Evidently, it also commanded the attention of the university’s top brass, because in just two short days the VU agreed to the occupiers’ demands of distancing itself from the cleaning companies’ staunch refusal to negotiate on even the most basic of demands (such as paid sick leave and a 50c/hour pay raise). The VU was also pressured to give jobs back to the 5 cleaners working at the university whose contracts had been terminated while they were on strike. It was clear we won this ground through action, and the echoes of this victory are bound to reach other problematic workplaces.
But paradoxically, perhaps the most heartening thing about the action came down to the one demand that was not fully won. The final demand on the list was that the outsourced VU catering personnel receive a guarantee of employment in the face of privatization of catering at the university. Despite the fact that they worked for a different company, were members of a different union, and had only become embroiled in the occupation in the course of the action itself, the university was nevertheless pushed to start negotiations on their demand for the first time.
Even the partial involvement of these employees was a testament to the importance of creating spaces for mutual resistance and broadening the potential of a sector strike in innovative ways.
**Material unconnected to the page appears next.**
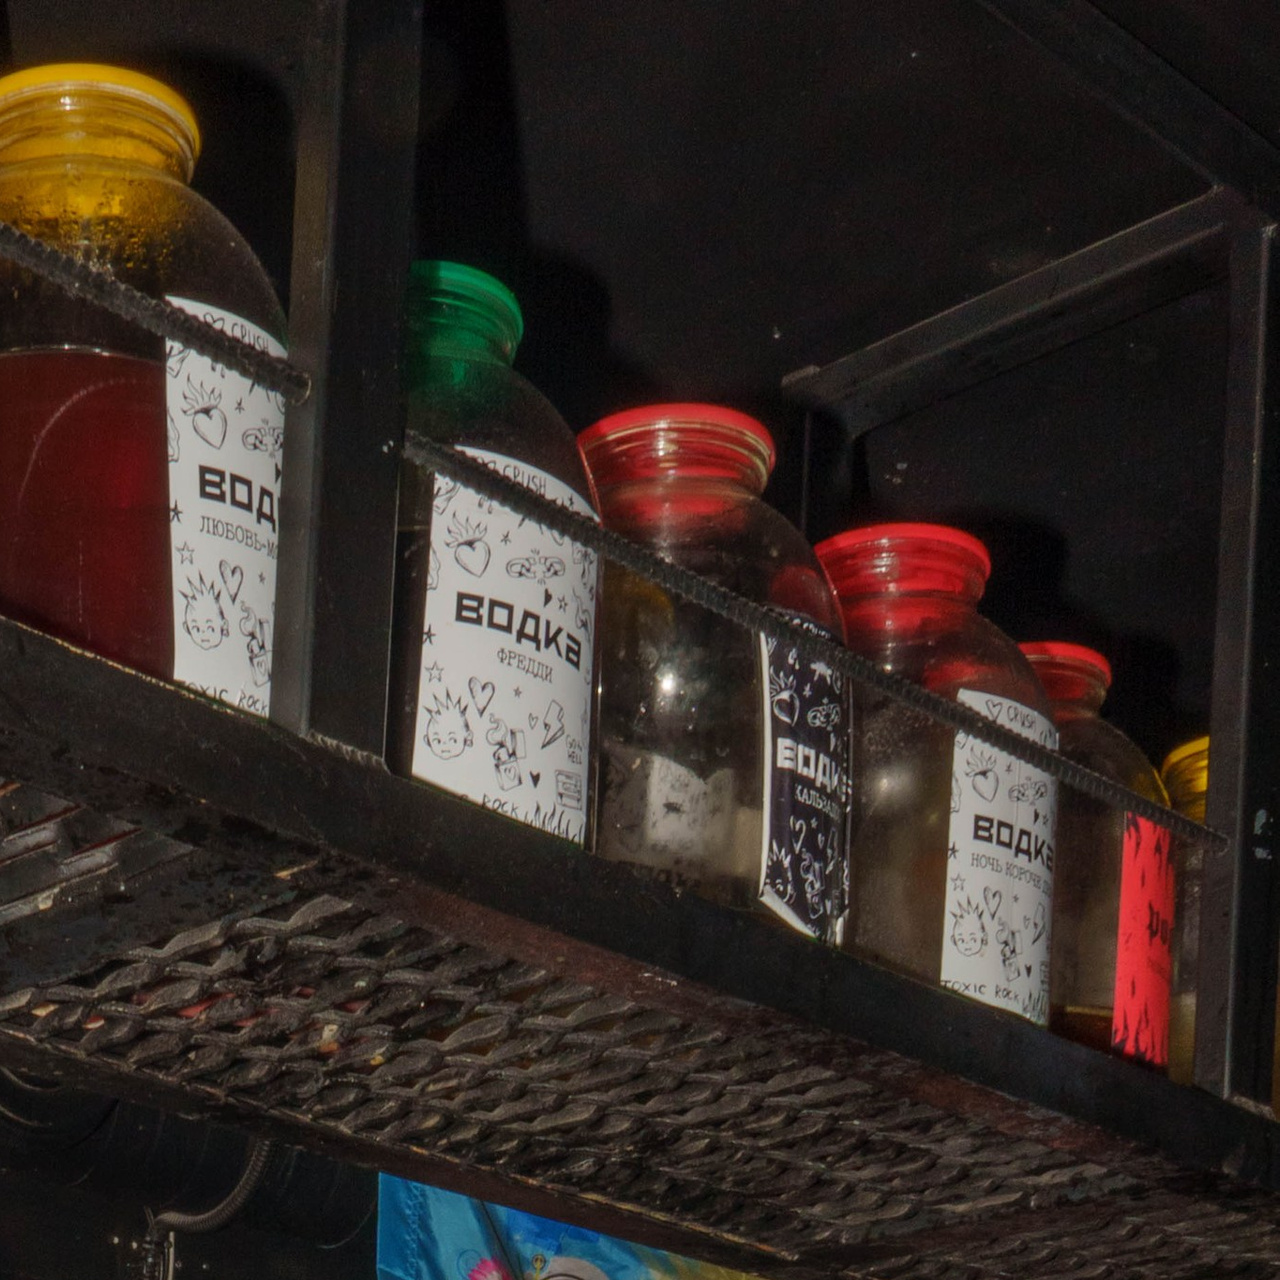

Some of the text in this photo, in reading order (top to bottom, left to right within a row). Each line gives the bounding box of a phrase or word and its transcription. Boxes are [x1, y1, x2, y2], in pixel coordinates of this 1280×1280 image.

By including the catering employees’ concrete demand among their own, the striking cleaners had taken a step beyond symbolic support to show us what solidarity looks like in practice.
For a brief and bright moment against the backdrop of the evening’s festivities at the occupied VU, the boundaries of union bureaucracy and the rule of management seemed faded and inconsequential against the cross-cutting unity that had been built here. I heard participating activists from Amsterdam’s Occupy Beursplein realize the value of the union’s resources and organization for the first time; I saw the combative spirit of sector organizers rub off on the local union representatives; and I saw the cross-fertilization of working people’s struggle between sectors.
Suddenly, the occupation was less about wage agreements than a realization of how potent shared struggle is. It was just a moment, but it was enough to illuminate the possibilities.
In a way, that’s precisely what made it harder for hopeful observers like me to accept the union leadership’s decision to embrace the victory and end the occupation. A sense of loss lies in the knowledge that the university still outsources cleaning services to the lowest bidder, and so maintains their right to hire temp workers from another company to openly break the cleaners’ strike. Moreover, the allegations by VU cleaners about experiencing intimidation over striking are left unaddressed, and despite these and broader enduring problems, the university shamelessly maintains its credible, forward-thinking image as a social institution and a decent employer.
While the occupation is over, the discussions and ideas have been bubbling at the university in the days since. The brave action of an often invisible segment of society — cleaning personnel — has clearly left its lasting effects behind here. I can only hope that parallel discussions are taking place among all those who made this moment possible, that is, not only within the unions and activist organizations involved, but also between elements of both these groups. This way we can hope to build on that moment when we all caught a glimpse of the power and potential of imaginative, new ways to fight for better working conditions, better education, and a better society.